Olivello spinoso: come coltivare l’Hippophae rhamnoides, l’arbusto dalle bacche arancioni

Un arbusto molto intrigante, capace di ravvivare i giardini, rustico e adattabile: stiamo parlando dell’olivello spinoso. Noto anche come Hippophae rhamnoides, se preferite la classificazione scientifica, di sicuro lo avrete visto in molti giardini: è quell’arbusto che produce bacche arancioni che si possono mangiare.

Come coltivare l’olivello spinoso?

olivello spinoso

In passato abbiamo già accennato alle proprietà nutrizionali dell’olivello spinoso. Oggi, invece, vogliamo concentrarci sulla sua coltivazione. Si tratta di un arbusto a portamento cespuglioso, una pianta decidua alta al massimo 5-6 metri. Quindi è adatta anche ai giardini piccoli.

Come si evince dal nome, presenta parecchie spine. Dunque valutate bene se inserirlo all’esterno se il giardino è frequentato da cani, gatti o bambini. Presenta foglie verde chiaro, lunghe, ma la sua peculiarità sono le bacche arancioni dal gusto aspro che produce.

Perfetta come pianta ornamentale, spesso la si usa anche per creare siepi. Una cosa importante da sapere è che si tratta di una pianta dioica: per produrre frutti è necessario che siano presenti sia una pianta femmina che una maschio. Il modo più semplice per stabilire se ci si trovi di fronte a una pianta maschio o femmina è osservare i fiori. Quello maschile è formato da stami con polline, mentre quello femminile presenta un ovario rinchiuso in infiorescenze tubulari.

Se volete coltivarlo, ricordatevi che il momento ideale per piantarlo è a fine inverno. Quindi l’impianto dovrebbe avvenire fra febbraio e marzo. E ricordatevi di piantare almeno due esemplari: uno maschio e l’altro femmina.

Come posizione, vuole il sole in modo che le bacche producano più vitamine e nutrienti. Tuttavia resiste molto bene anche al freddo invernale. Inoltre tollera benissimo la salinità, il che lo candida fra le piante adatte ai giardini costieri.

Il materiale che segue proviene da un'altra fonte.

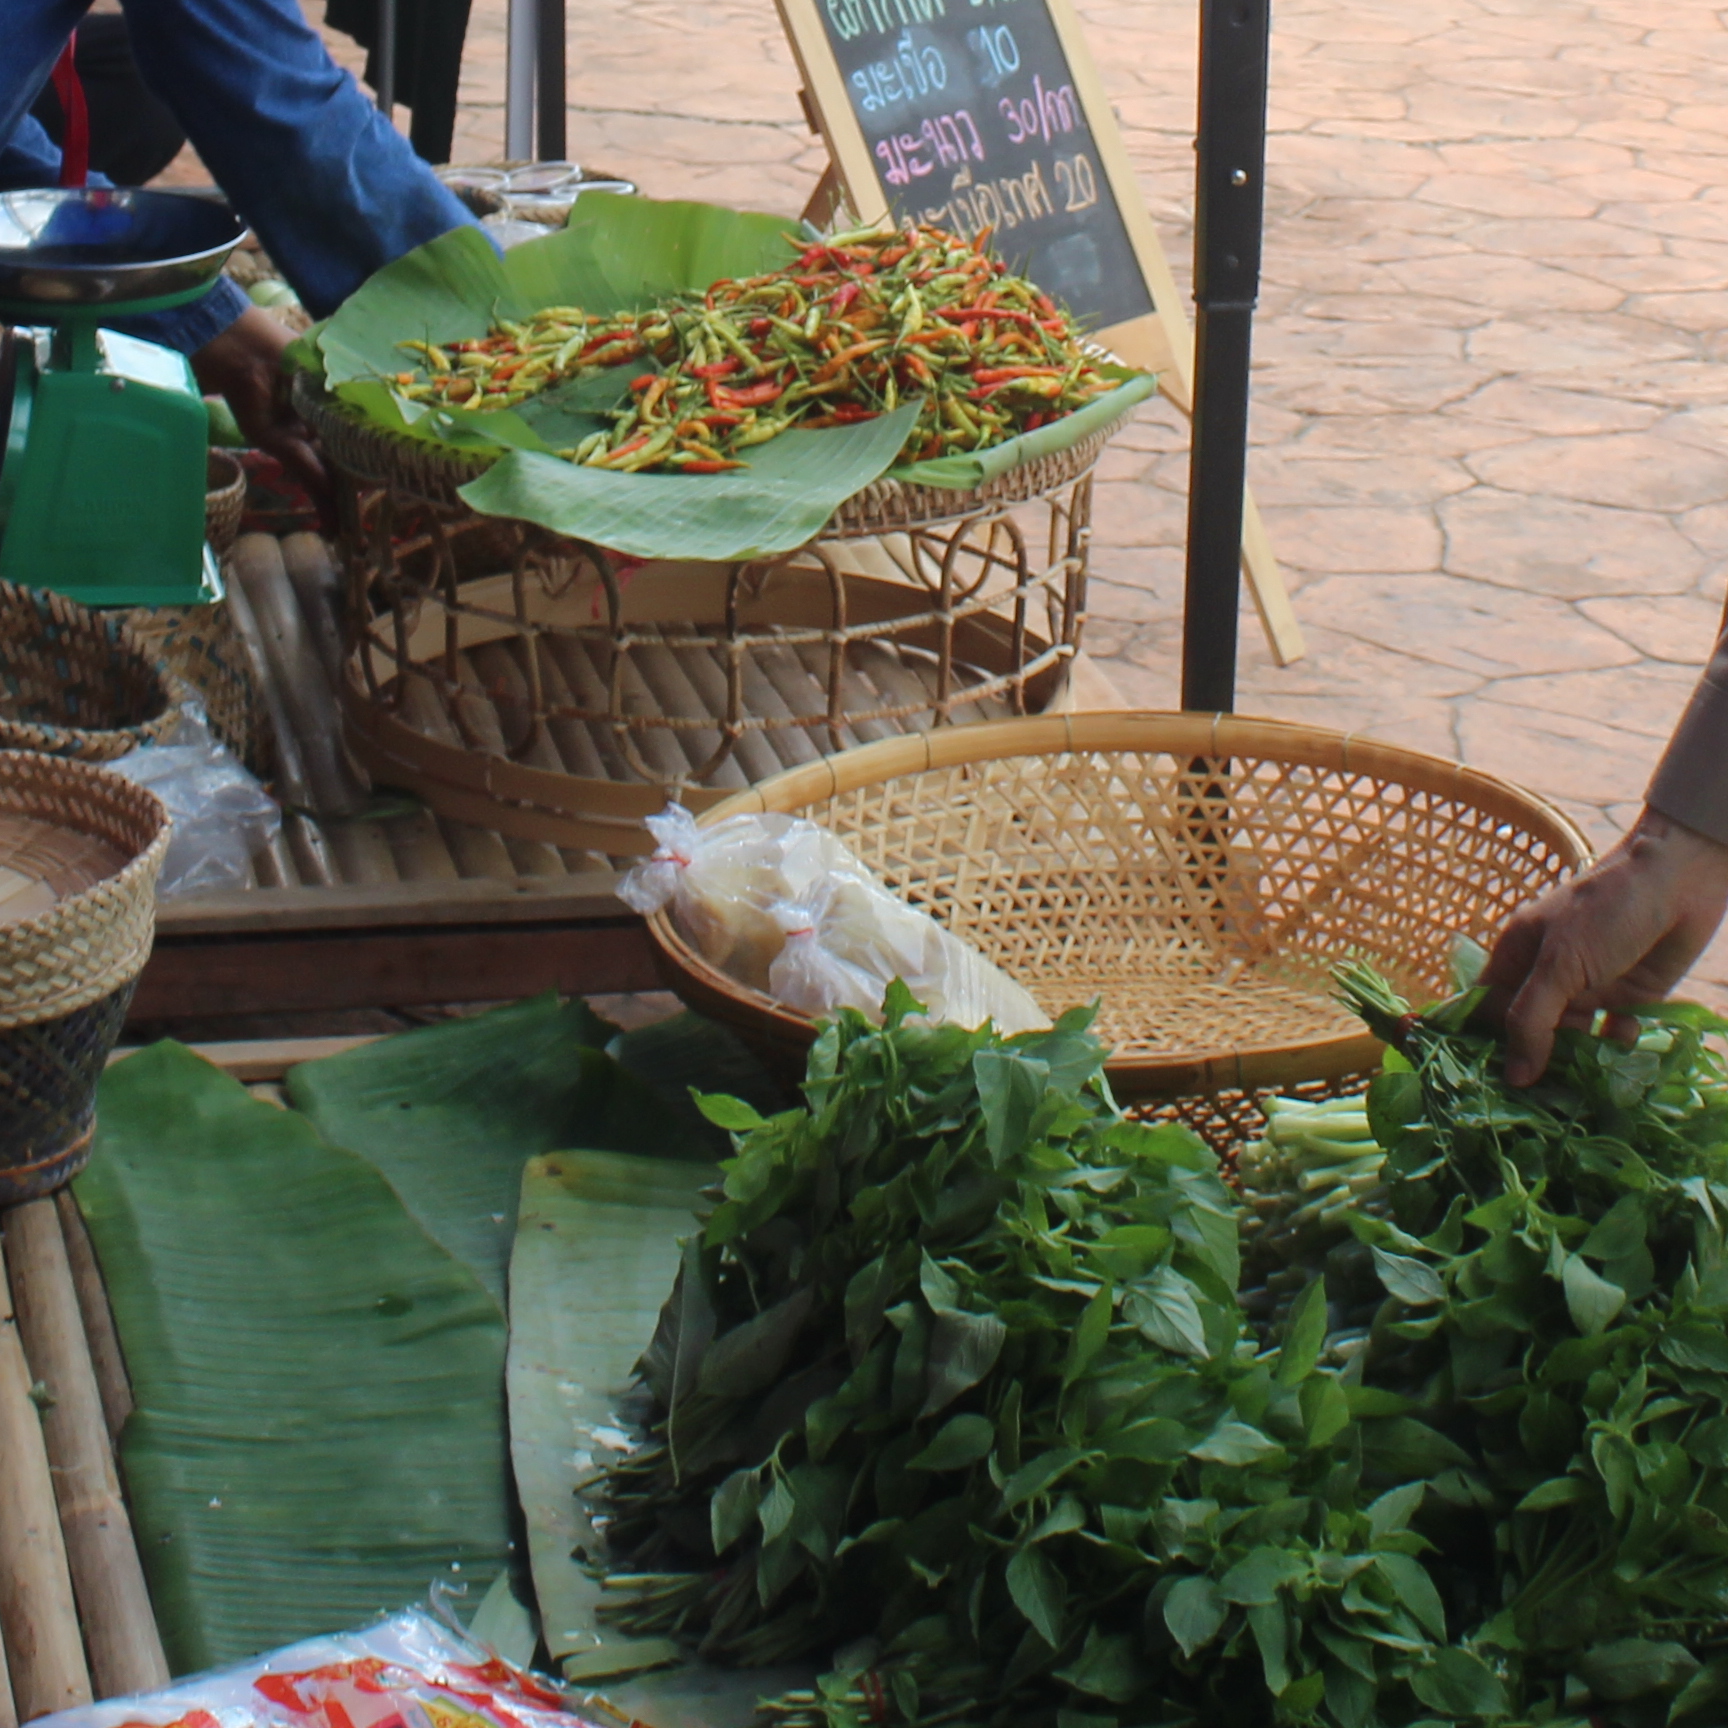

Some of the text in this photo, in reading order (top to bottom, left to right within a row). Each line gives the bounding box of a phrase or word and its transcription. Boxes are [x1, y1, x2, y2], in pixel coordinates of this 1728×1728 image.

[979, 24, 1021, 75] 10
[875, 109, 985, 186] มะนาว
[1053, 153, 1099, 213] 20
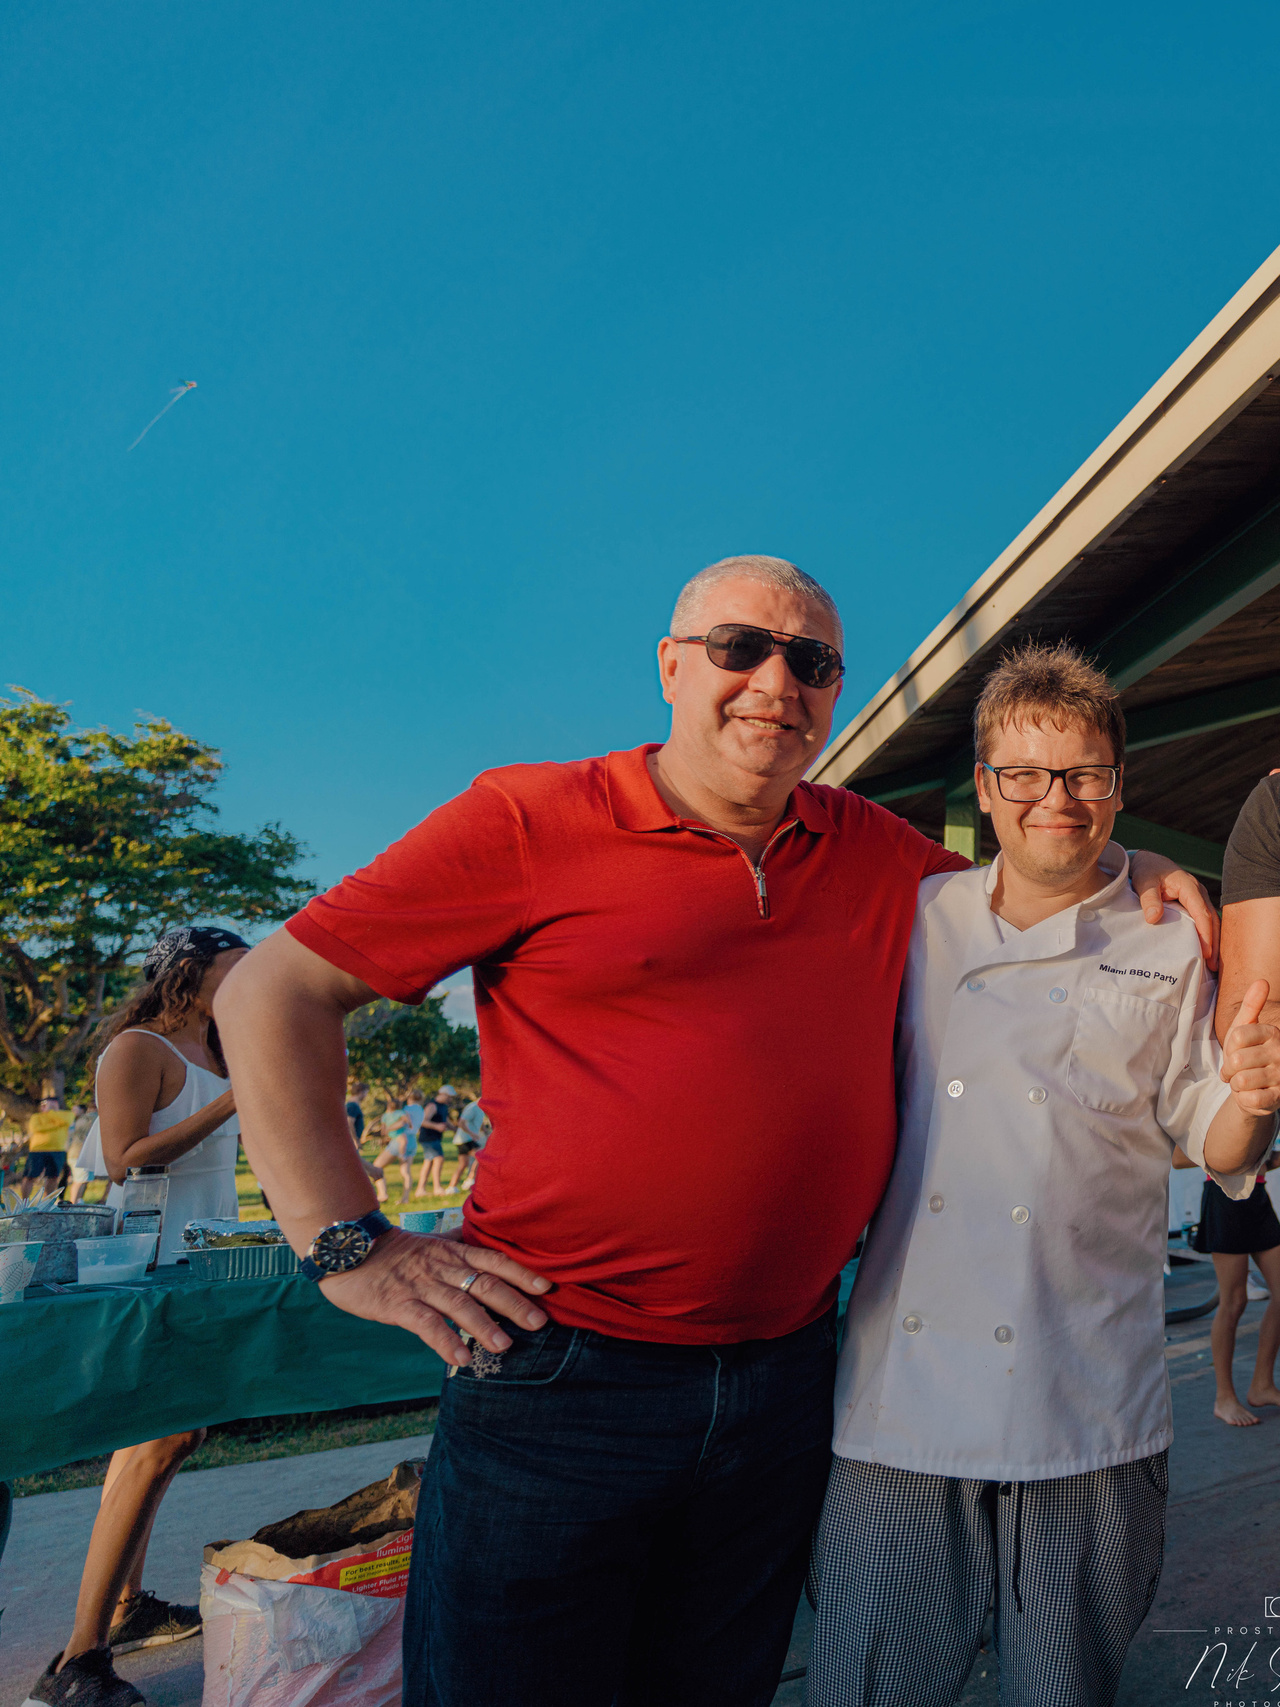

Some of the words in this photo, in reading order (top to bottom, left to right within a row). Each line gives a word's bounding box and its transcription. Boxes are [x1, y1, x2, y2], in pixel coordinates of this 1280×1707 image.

[1099, 964, 1127, 975] Miami
[1129, 969, 1151, 979] BBQ
[1153, 971, 1178, 985] Party
[345, 1569, 358, 1577] For
[359, 1564, 374, 1573] best
[375, 1559, 401, 1569] results,
[352, 1582, 377, 1593] Lighter
[379, 1575, 397, 1585] Fluid
[380, 1583, 399, 1592] Fluido

Per quanto riguarda il terriccio, cercate di fornirgli un terreno asciutto e ben drenante. Tuttavia può crescere tranquillamente anche in altri tipi di terreni. Ricordatevi solamente di mettere del compost o del letame maturo nella buca di impianto durante la messa a dimora. Cercate però di mescolarli al terriccio.

Periodicamente aggiungete del compost maturo, letame, stallatico o cenere di legna (per il calcio e il potassio). Non ha bisogno di azoto visto che è una pianta azotofissatrice.

Parlando di irrigazioni, invece, ricordatevi che è una specie rustica, capace di resistere alla siccità. Ma se il periodo si prolunga, meglio fornire qualche innaffiatura in più.

olivello spinoso bacche

Per quanto riguarda la manutenzione, dovrete assolutamente eliminare le erbacce attorno alle giovani piantine. Per farlo potete usare del pacciame naturale o gli appositi teli. Dovrete anche potare la pianta in autunno. Dopo aver raccolto le bacche dovrete eliminare i rami secchi, malati o danneggiati. A inizio primavera, invece, dovrete eliminare i germogli in basso e quelli paralleli al suolo. E ricordatevi anche di diradare i rami troppo fitti o che crescono incrociandosi fra di loro.

Come malattie, si tratta di una pianta rustica e molto resistente ai parassiti. Fate però attenzione all’oziorrinco: le larve si nutrono delle foglie e delle radici.